WORK REQUEST | Whenever a picture appears in the records, exclude it, and transcribe everything else exactly.

***

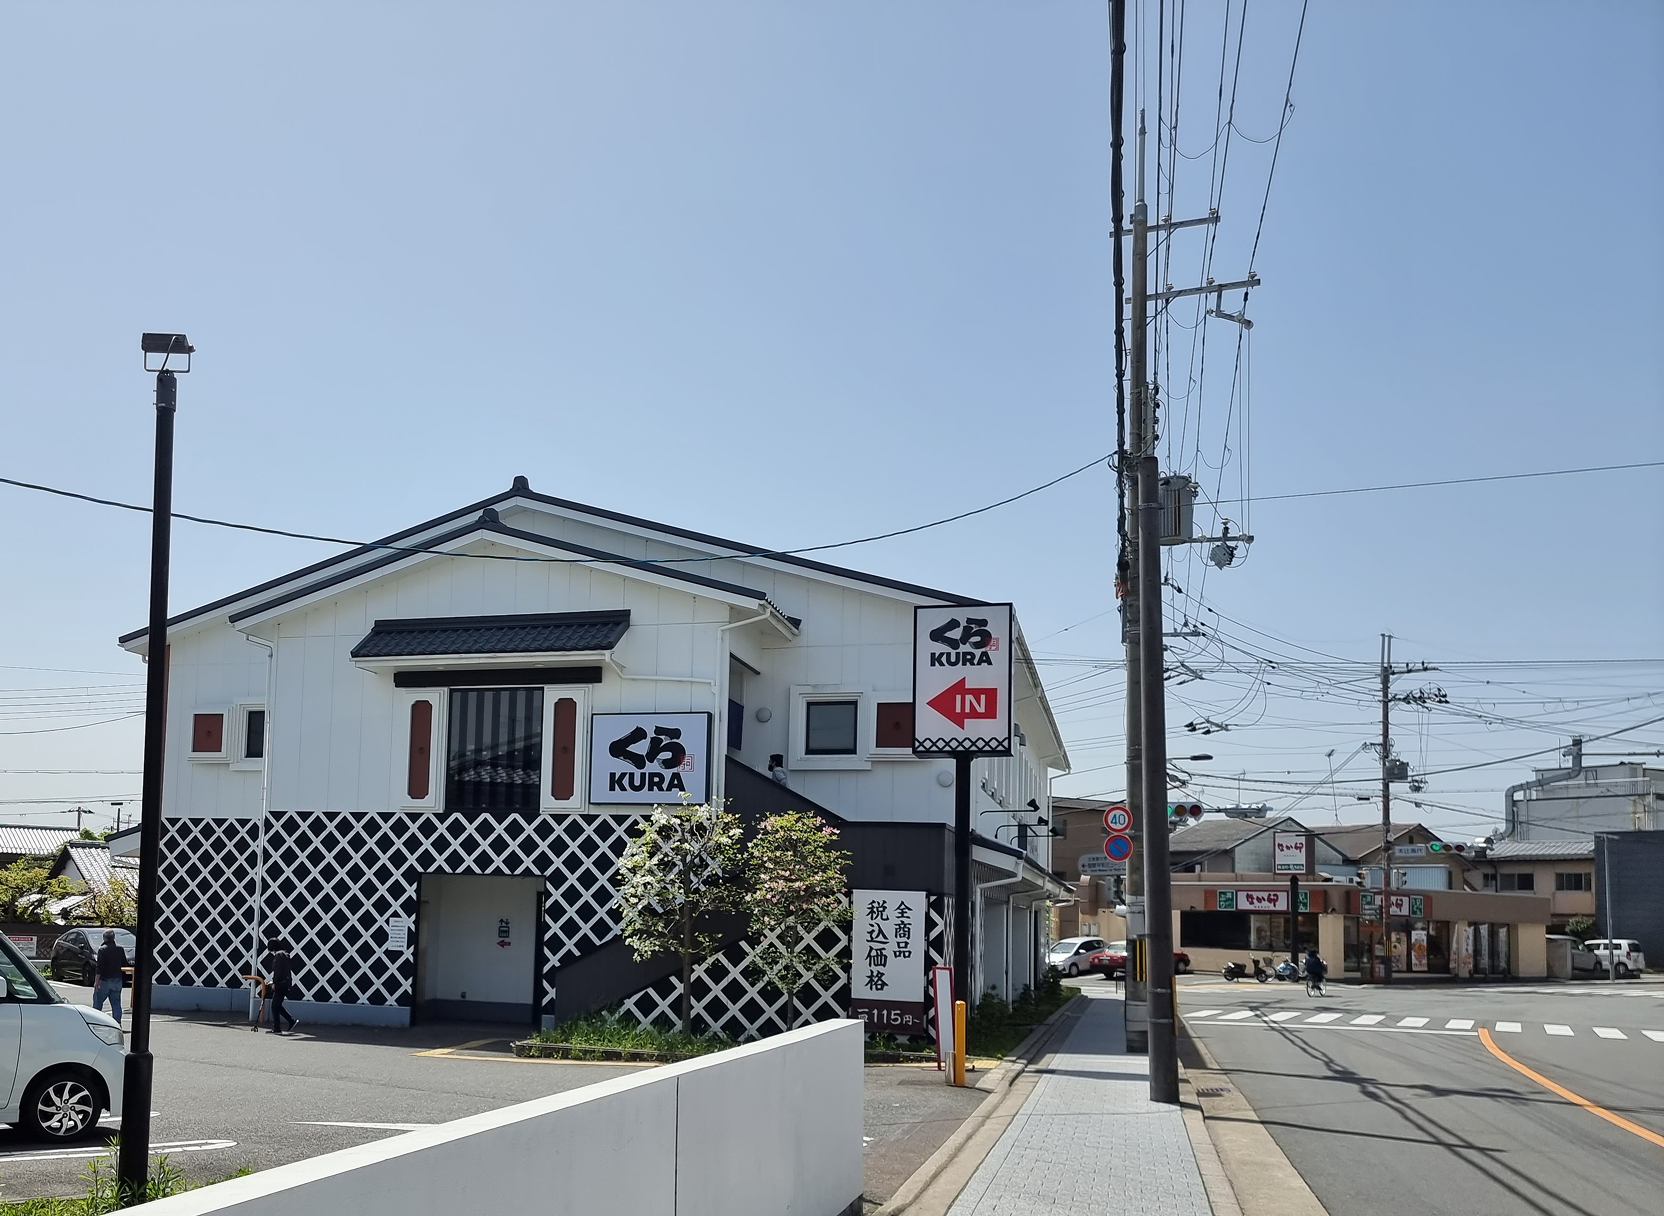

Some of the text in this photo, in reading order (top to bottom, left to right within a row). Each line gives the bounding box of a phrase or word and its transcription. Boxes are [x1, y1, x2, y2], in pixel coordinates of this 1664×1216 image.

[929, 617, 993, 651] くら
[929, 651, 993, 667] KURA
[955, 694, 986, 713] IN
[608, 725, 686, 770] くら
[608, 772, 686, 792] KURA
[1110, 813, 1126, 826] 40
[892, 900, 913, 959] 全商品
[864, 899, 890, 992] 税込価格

***

ANSWER TO THIS PROBLEM |
Some of the text in this photo, in reading order (top to bottom, left to right within a row). Each line gives the bounding box of a phrase or word and its transcription. Boxes are [x1, y1, x2, y2], in pixel coordinates of this 1664×1216 image.

[929, 617, 993, 651] くら
[929, 651, 993, 667] KURA
[955, 694, 986, 713] IN
[608, 725, 686, 770] くら
[608, 772, 686, 792] KURA
[1110, 813, 1126, 826] 40
[892, 900, 913, 959] 全商品
[864, 899, 890, 992] 税込価格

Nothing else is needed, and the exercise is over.